In old-fashioned bee-keeping, when bees were killed by the fumes of sulphur, that their stores might be appropriated, wax was regarded as of little value. It was not supposed that bees would use it again, and the idea that old comb would be given to new colonies was never suggested.

Now since it is known that every pound of wax is worth to the bees at least twenty pounds of honey, because so much must be consumed in its production it is evident that economy would prompt that every pound should be made available. By the use of movable comb-frames every piece can be fastened in and given to the bees, who gladly receive it. When a bee keeper has a quantity of comb made in frames, he can make them of great value to him. Such combs should be carefully preserved, if there is a surplus of them, from year to year. Comb never seems too old for the bees to use: instances are frequent where bees have been kept 12 and 15 years in hives stocked with comb which has never been removed. Even boxhives from which the trees have died, may be kept with care, and a swarm put into them the next year. I once had two swarms of bees come off the same day, one of which was put into a hive stocked with comb, and the other into an empty one. Both swarms seemed of the same size. The one put into the hive with combs gave me that year forty-seven lbs. of honey in boxes, while the one in the empty hive barely filled up for winter. Many facts of the kind might be given to prove that it never pays to melt good worker-comb at ordinary prices of wax and honey.

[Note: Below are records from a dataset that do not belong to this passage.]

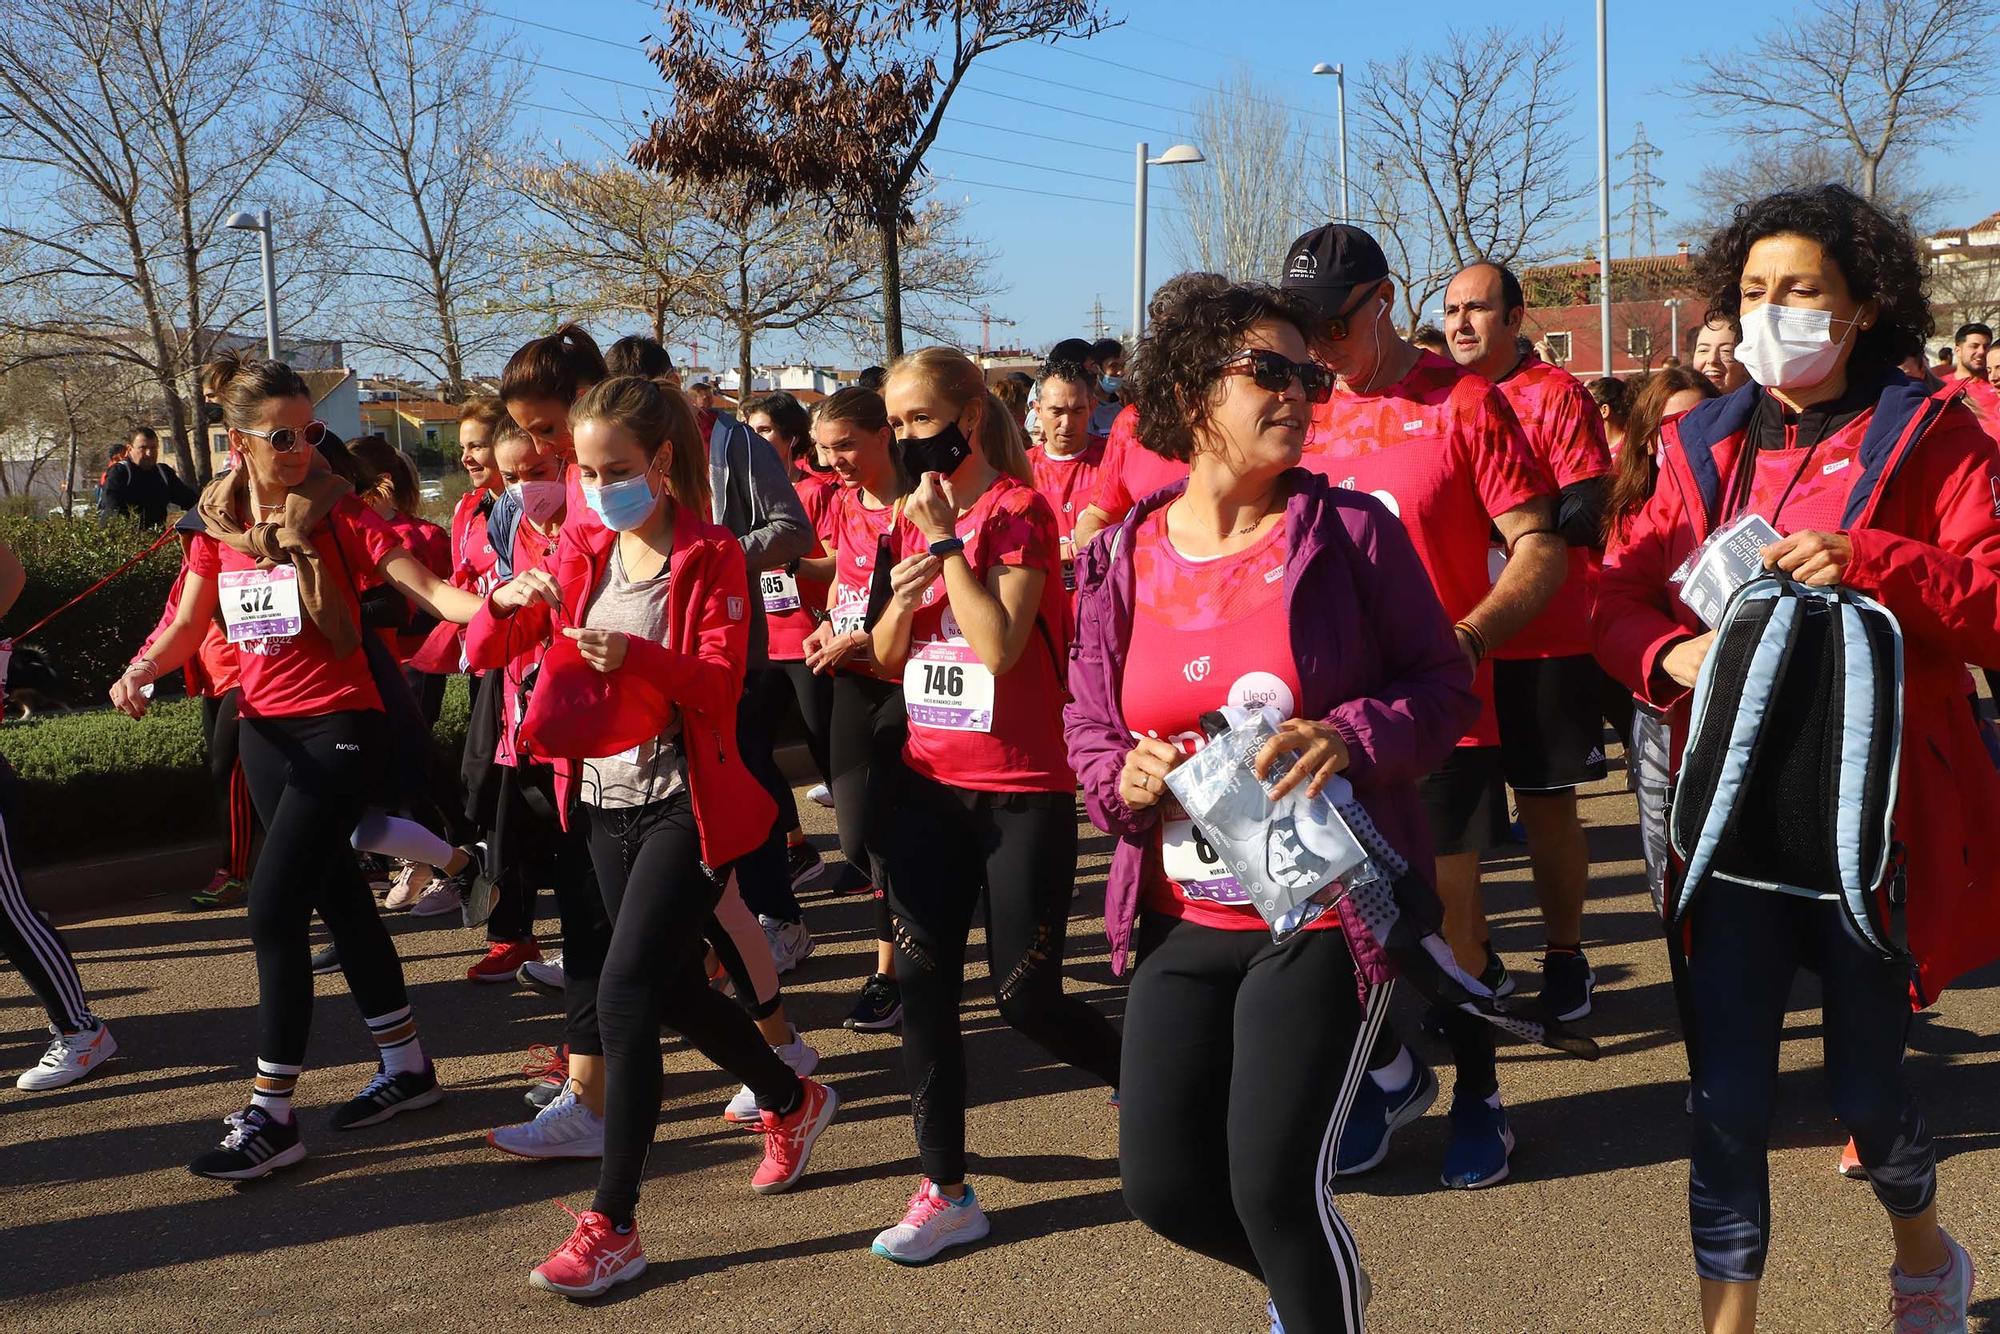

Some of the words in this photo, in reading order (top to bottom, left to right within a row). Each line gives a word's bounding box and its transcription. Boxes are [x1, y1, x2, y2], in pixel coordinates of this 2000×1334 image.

[1735, 534, 1764, 561] HIGIEN
[1743, 527, 1767, 549] MASC
[761, 576, 784, 594] 385
[240, 586, 273, 613] 572
[924, 664, 964, 697] 746
[1242, 689, 1277, 703] Llegó
[335, 743, 360, 751] NASA

A machine is about being introduced into this country by which the combs can be emptied of their honey, and then returned to the bees to be refilled, which will enable them to gather more when honey is abundant.

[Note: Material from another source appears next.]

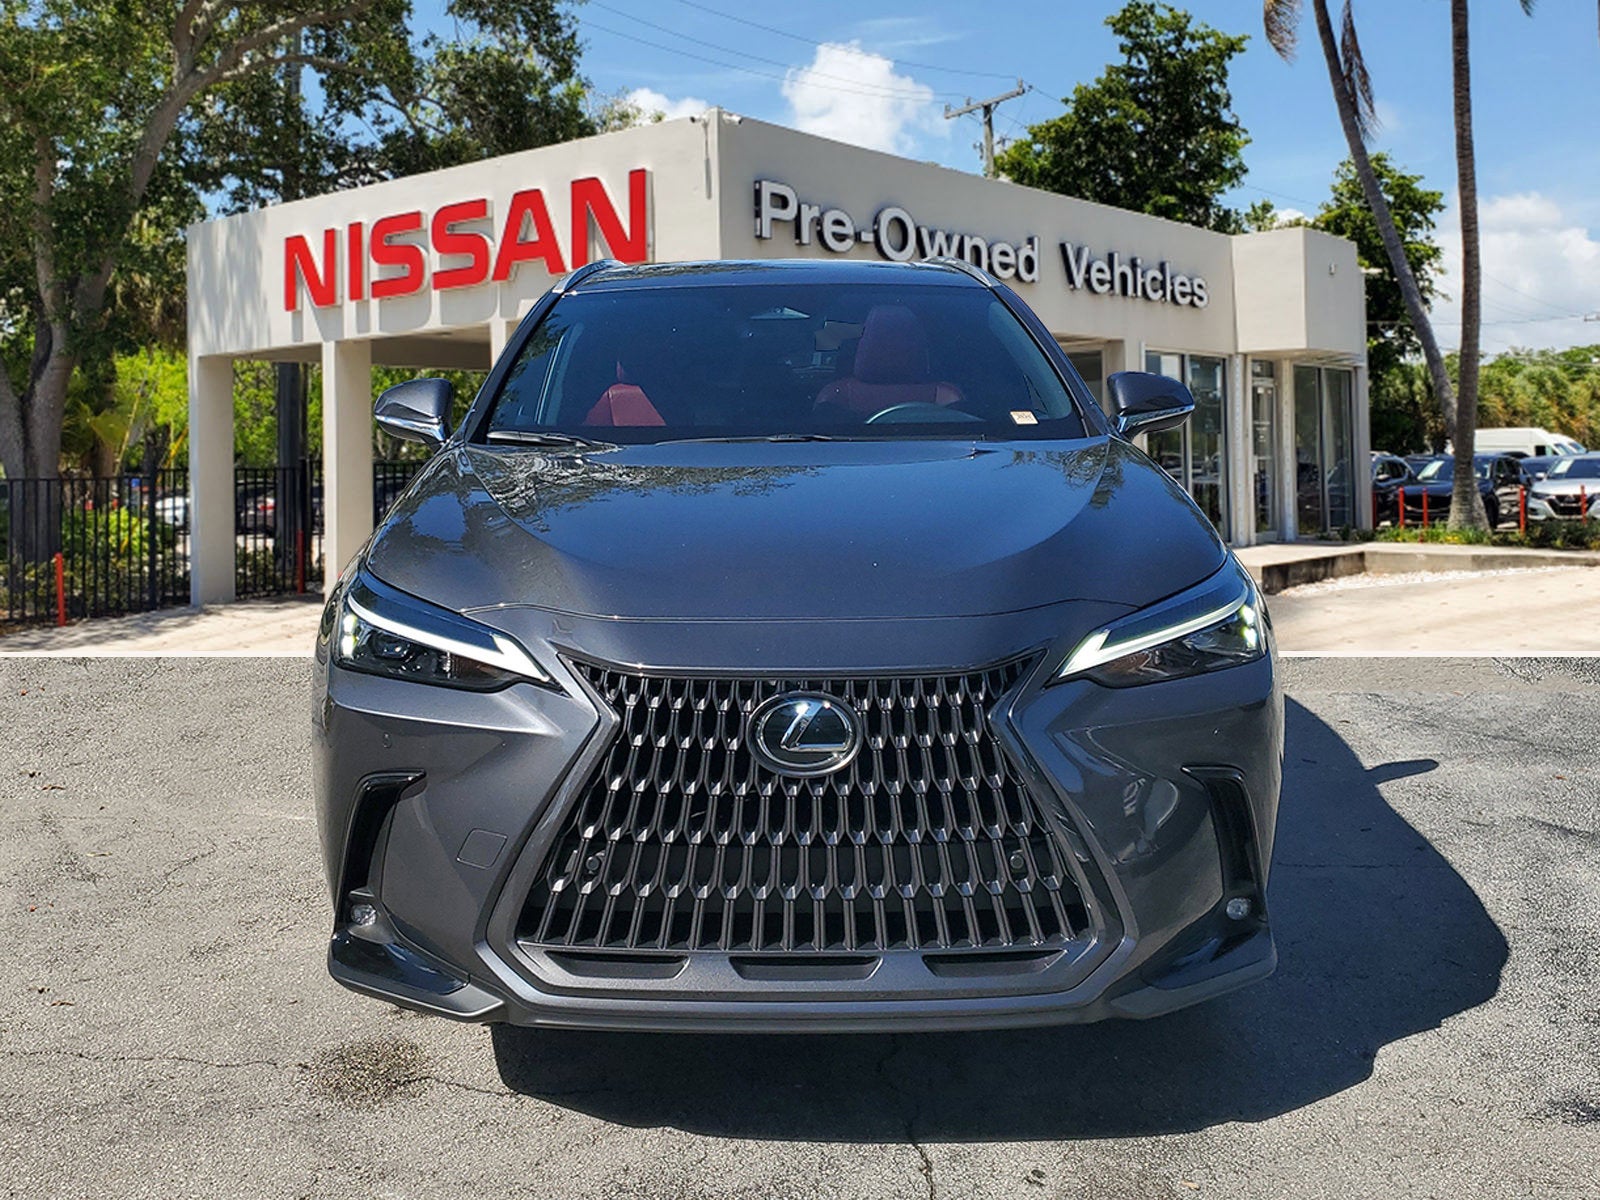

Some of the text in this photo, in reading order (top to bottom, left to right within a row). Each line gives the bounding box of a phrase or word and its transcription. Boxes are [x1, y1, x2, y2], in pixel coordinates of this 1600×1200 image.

[285, 168, 646, 311] NISSAN
[756, 180, 1209, 308] Pre-Owned Vehicles

Bee Palaces, or Non-Swarming Hives.

Attempts have been made at various times to keep bees in small closets in chambers of a house and in a palace or large hive built for the purpose with a view to obtaining large yields of honey from them and allowing no increase. All such rooms are constructed upon wrong ideas of the habits and wants of the bee. Experiments without number show that 2200 square inches is ample room for any queen; giving her space to deposit all the eggs she will, and room enough to contain necessary stores for the colony, and that beyond that, the room for honey should be in a separate apartment, where it will be free from bee bread and impurity. A queen will deposit no more eggs in a room six feet square and eight high (as they are often made) than she would in an ordinary hive. If a number of swarms are put in to stock it, as is the custom, only one queen will be retained, and though a large amount of honey may be stored at first while these bees live, in one season they will all be gone, only to be replaced by the progeny of one mother like smaller hives. It is difficult also to determine, in such rooms, how much honey must be left for the bees; and in such palaces they do not winter well. They do not often swarm when thus kept, and this is the great objection to the plan. By swarming, the queens are exchanged for younger ones, and thus the colony is kept vigorous. Swarming seems to be "nature's way" of providing for the increase of bees and the renewal of queens, and in nothing can we go counter to the instinct of any creature without loss.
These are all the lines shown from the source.